• Exercise objective
Repeat every entry exactly. Do not include the pictures.

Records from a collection
:::
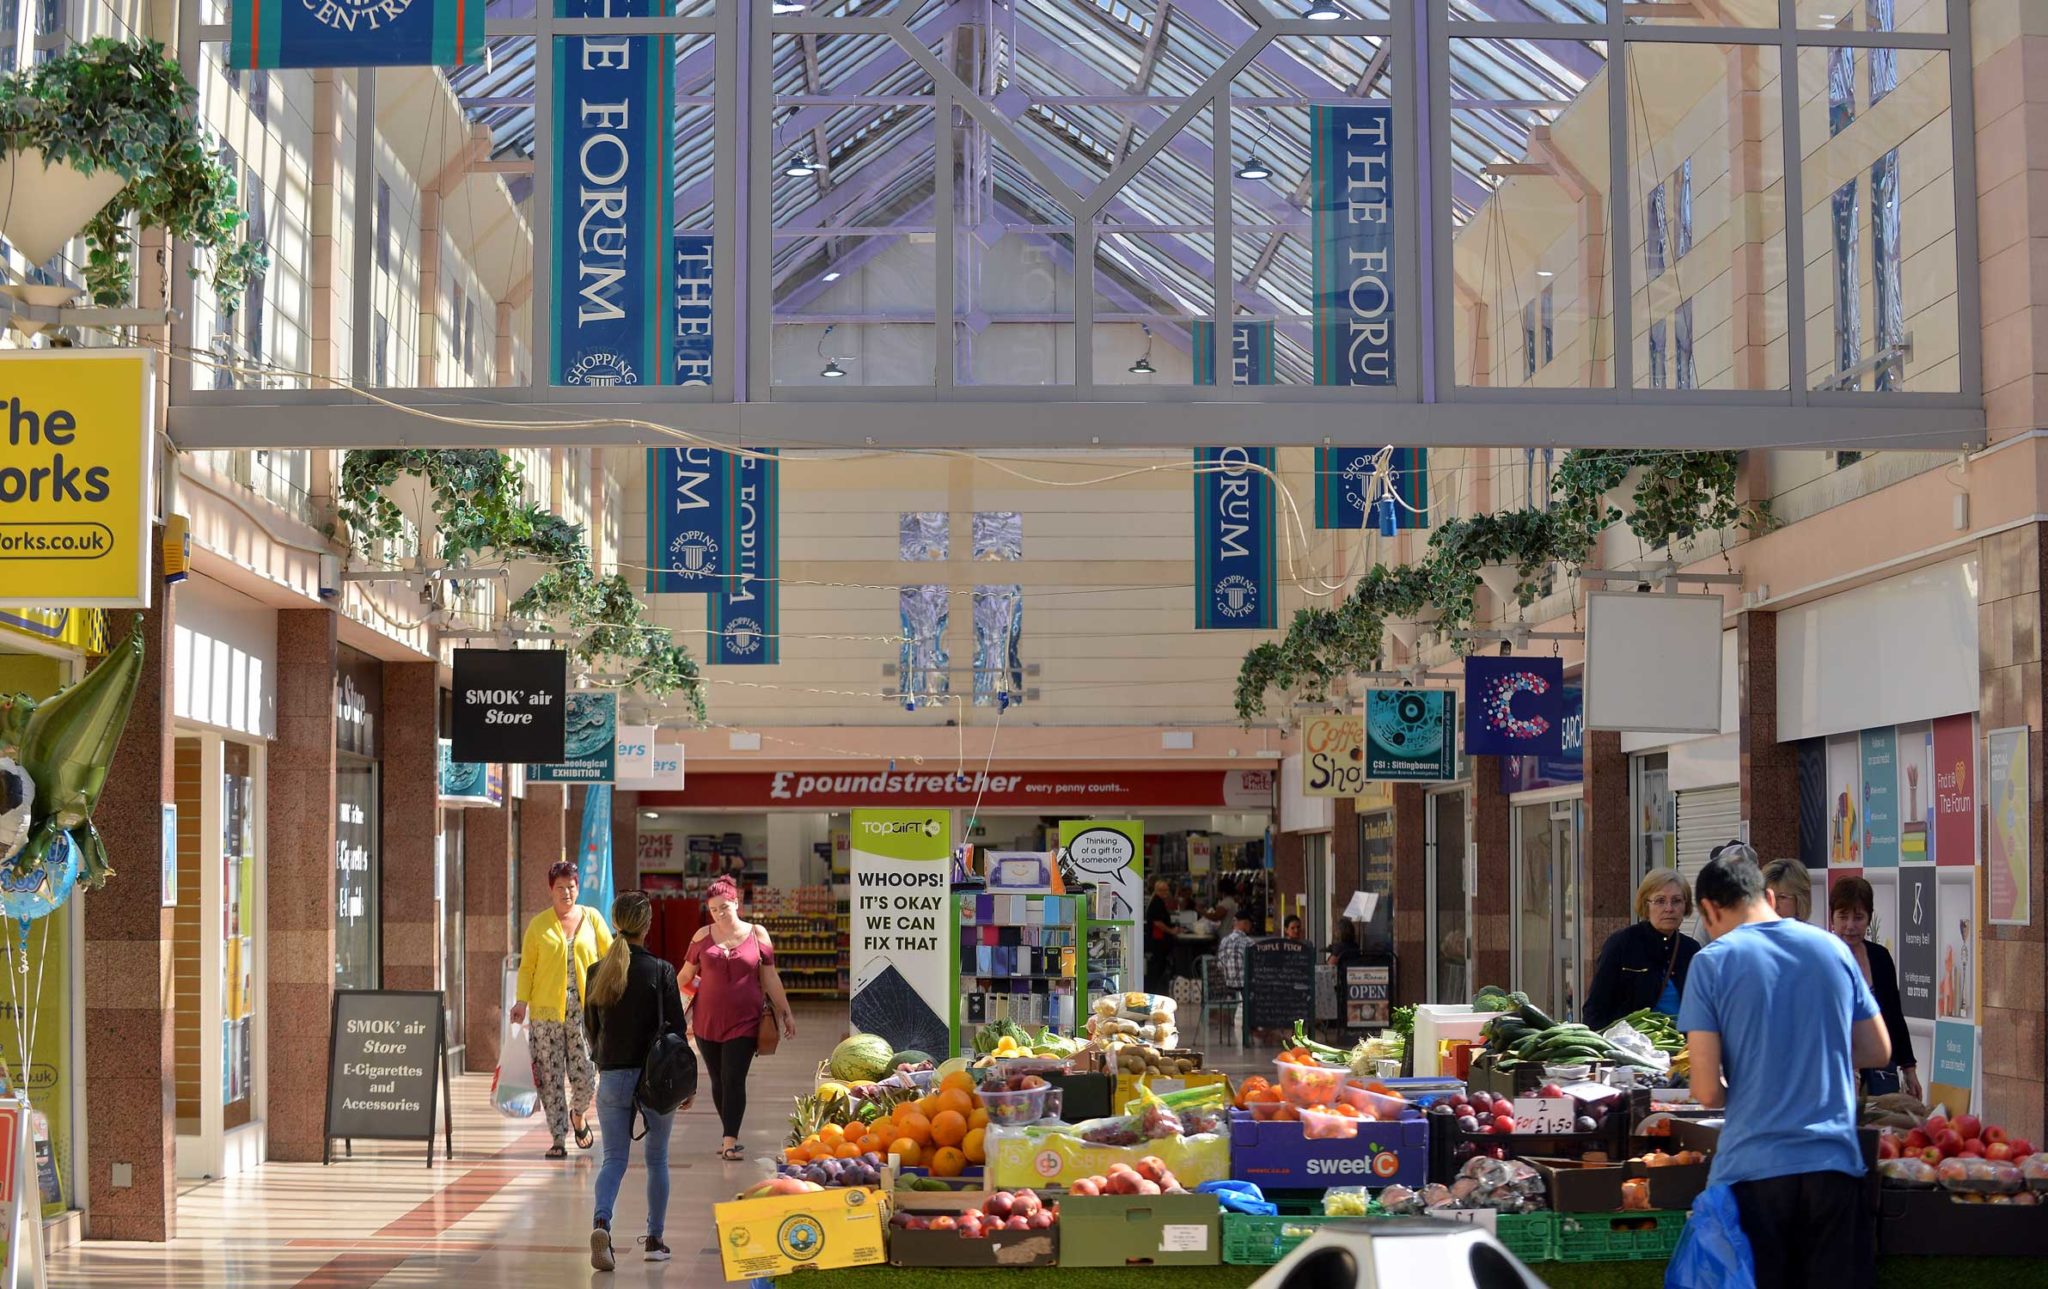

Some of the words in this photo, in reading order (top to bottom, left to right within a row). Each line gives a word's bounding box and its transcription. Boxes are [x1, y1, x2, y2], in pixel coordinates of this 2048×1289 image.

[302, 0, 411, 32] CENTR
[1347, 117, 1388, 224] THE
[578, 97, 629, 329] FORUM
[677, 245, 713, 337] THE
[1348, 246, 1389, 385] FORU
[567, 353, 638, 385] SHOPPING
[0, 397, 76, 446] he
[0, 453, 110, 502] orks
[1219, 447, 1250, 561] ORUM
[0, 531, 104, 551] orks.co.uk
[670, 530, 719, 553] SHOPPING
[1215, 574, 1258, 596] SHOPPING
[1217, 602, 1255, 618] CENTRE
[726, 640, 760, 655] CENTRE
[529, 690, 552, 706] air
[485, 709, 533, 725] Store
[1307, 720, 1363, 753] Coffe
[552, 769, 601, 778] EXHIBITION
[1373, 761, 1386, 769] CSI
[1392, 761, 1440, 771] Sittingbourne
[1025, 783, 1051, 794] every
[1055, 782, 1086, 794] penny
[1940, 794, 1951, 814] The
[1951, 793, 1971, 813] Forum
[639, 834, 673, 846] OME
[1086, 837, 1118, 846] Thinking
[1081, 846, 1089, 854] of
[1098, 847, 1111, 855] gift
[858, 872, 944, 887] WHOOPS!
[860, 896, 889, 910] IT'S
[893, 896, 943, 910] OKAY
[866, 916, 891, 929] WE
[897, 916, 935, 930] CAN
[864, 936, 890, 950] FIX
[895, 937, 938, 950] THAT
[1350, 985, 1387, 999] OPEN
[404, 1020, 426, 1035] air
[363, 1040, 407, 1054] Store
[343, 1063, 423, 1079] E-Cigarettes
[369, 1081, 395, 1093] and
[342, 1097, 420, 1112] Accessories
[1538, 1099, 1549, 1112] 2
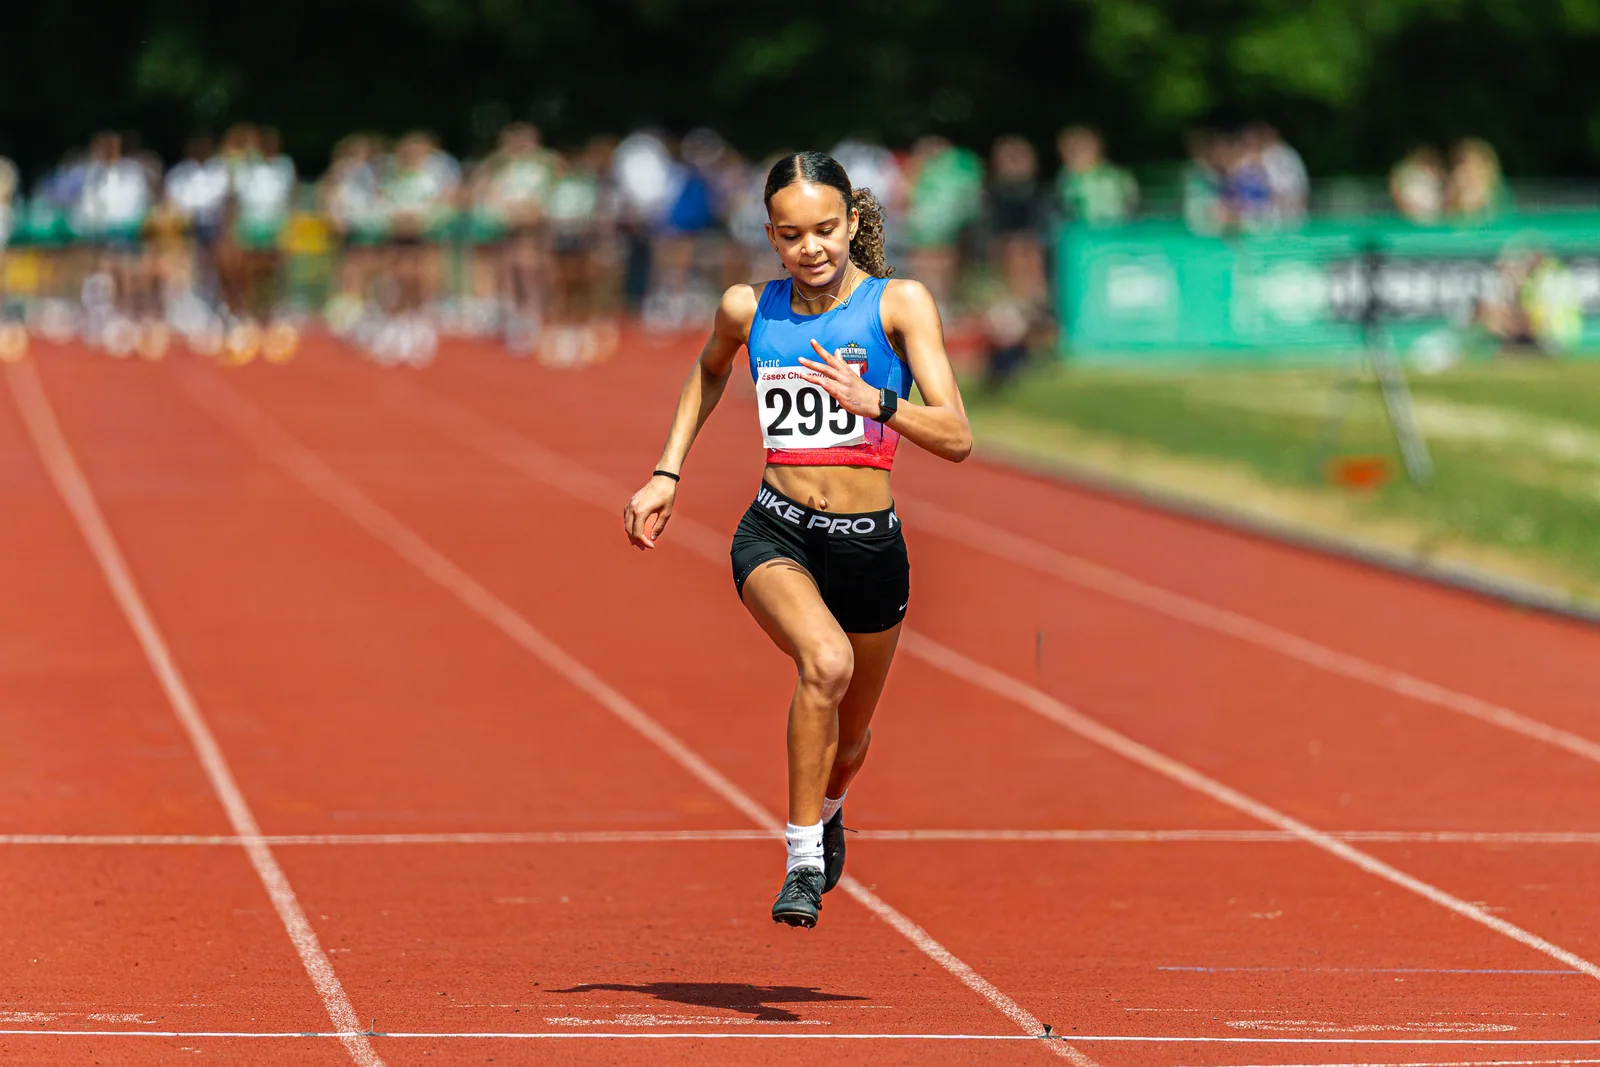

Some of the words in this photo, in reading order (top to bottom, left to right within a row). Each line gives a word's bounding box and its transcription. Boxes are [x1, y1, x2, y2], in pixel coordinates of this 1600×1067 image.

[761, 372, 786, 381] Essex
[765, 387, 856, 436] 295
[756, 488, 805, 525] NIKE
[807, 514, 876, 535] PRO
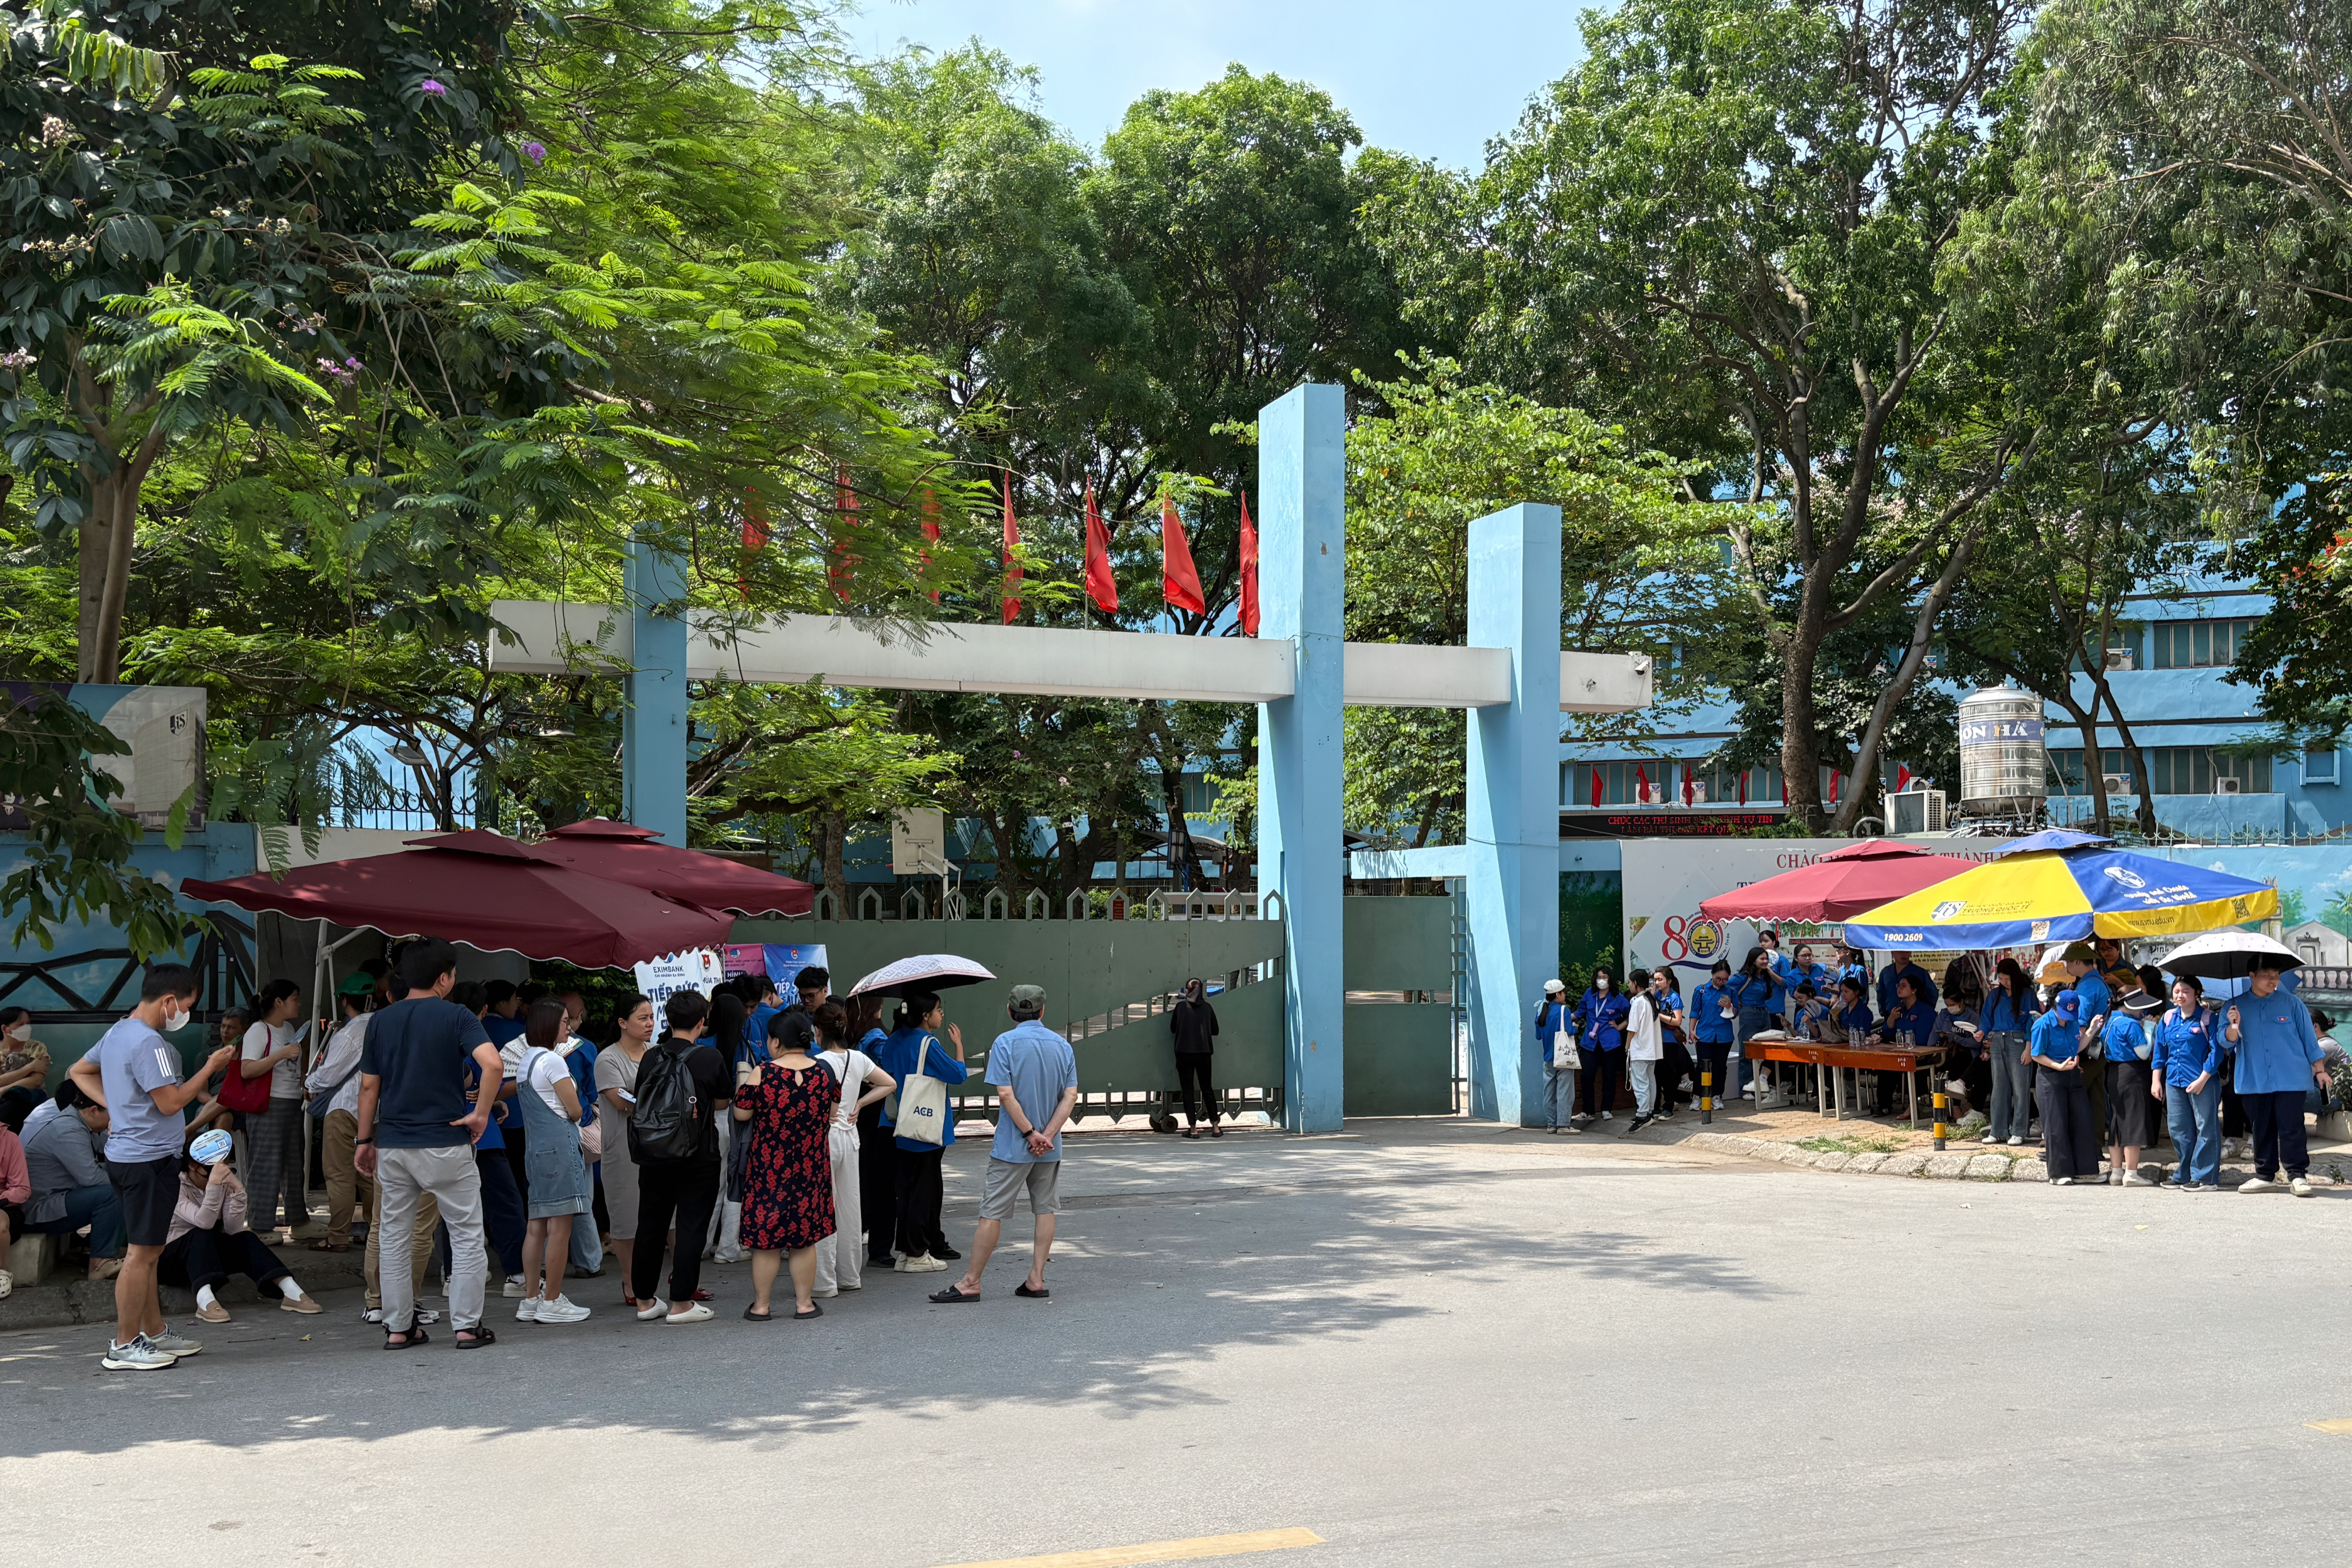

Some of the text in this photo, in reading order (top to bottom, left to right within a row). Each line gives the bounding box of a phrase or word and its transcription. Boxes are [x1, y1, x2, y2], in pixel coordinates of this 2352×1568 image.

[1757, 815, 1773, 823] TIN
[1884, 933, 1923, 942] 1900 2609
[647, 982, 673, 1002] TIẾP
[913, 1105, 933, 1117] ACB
:::
• Solution to this task
Some of the words in this photo, in reading order (top to bottom, left to right within a row). Each line gives a word's bounding box and its transcription. Boxes are [x1, y1, x2, y2], in pixel coordinates of this 2048×1289 image.

[302, 0, 411, 32] CENTR
[1347, 117, 1388, 224] THE
[578, 97, 629, 329] FORUM
[677, 245, 713, 337] THE
[1348, 246, 1389, 385] FORU
[567, 353, 638, 385] SHOPPING
[0, 397, 76, 446] he
[0, 453, 110, 502] orks
[1219, 447, 1250, 561] ORUM
[0, 531, 104, 551] orks.co.uk
[670, 530, 719, 553] SHOPPING
[1215, 574, 1258, 596] SHOPPING
[1217, 602, 1255, 618] CENTRE
[726, 640, 760, 655] CENTRE
[529, 690, 552, 706] air
[485, 709, 533, 725] Store
[1307, 720, 1363, 753] Coffe
[552, 769, 601, 778] EXHIBITION
[1373, 761, 1386, 769] CSI
[1392, 761, 1440, 771] Sittingbourne
[1025, 783, 1051, 794] every
[1055, 782, 1086, 794] penny
[1940, 794, 1951, 814] The
[1951, 793, 1971, 813] Forum
[639, 834, 673, 846] OME
[1086, 837, 1118, 846] Thinking
[1081, 846, 1089, 854] of
[1098, 847, 1111, 855] gift
[858, 872, 944, 887] WHOOPS!
[860, 896, 889, 910] IT'S
[893, 896, 943, 910] OKAY
[866, 916, 891, 929] WE
[897, 916, 935, 930] CAN
[864, 936, 890, 950] FIX
[895, 937, 938, 950] THAT
[1350, 985, 1387, 999] OPEN
[404, 1020, 426, 1035] air
[363, 1040, 407, 1054] Store
[343, 1063, 423, 1079] E-Cigarettes
[369, 1081, 395, 1093] and
[342, 1097, 420, 1112] Accessories
[1538, 1099, 1549, 1112] 2

Some of the words in this photo, in reading order (top to bottom, left to right within a row). Each line gives a word's bounding box and its transcription. Boxes are [x1, y1, x2, y2], in pixel coordinates of this 1600×1067 image.

[761, 372, 786, 381] Essex
[765, 387, 856, 436] 295
[756, 488, 805, 525] NIKE
[807, 514, 876, 535] PRO

Some of the text in this photo, in reading order (top to bottom, left to right within a row). Each line gives the bounding box of a phrase or word and its transcription. Boxes are [x1, y1, x2, y2], in pixel coordinates of this 2352×1568 image.

[1757, 815, 1773, 823] TIN
[1884, 933, 1923, 942] 1900 2609
[647, 982, 673, 1002] TIẾP
[913, 1105, 933, 1117] ACB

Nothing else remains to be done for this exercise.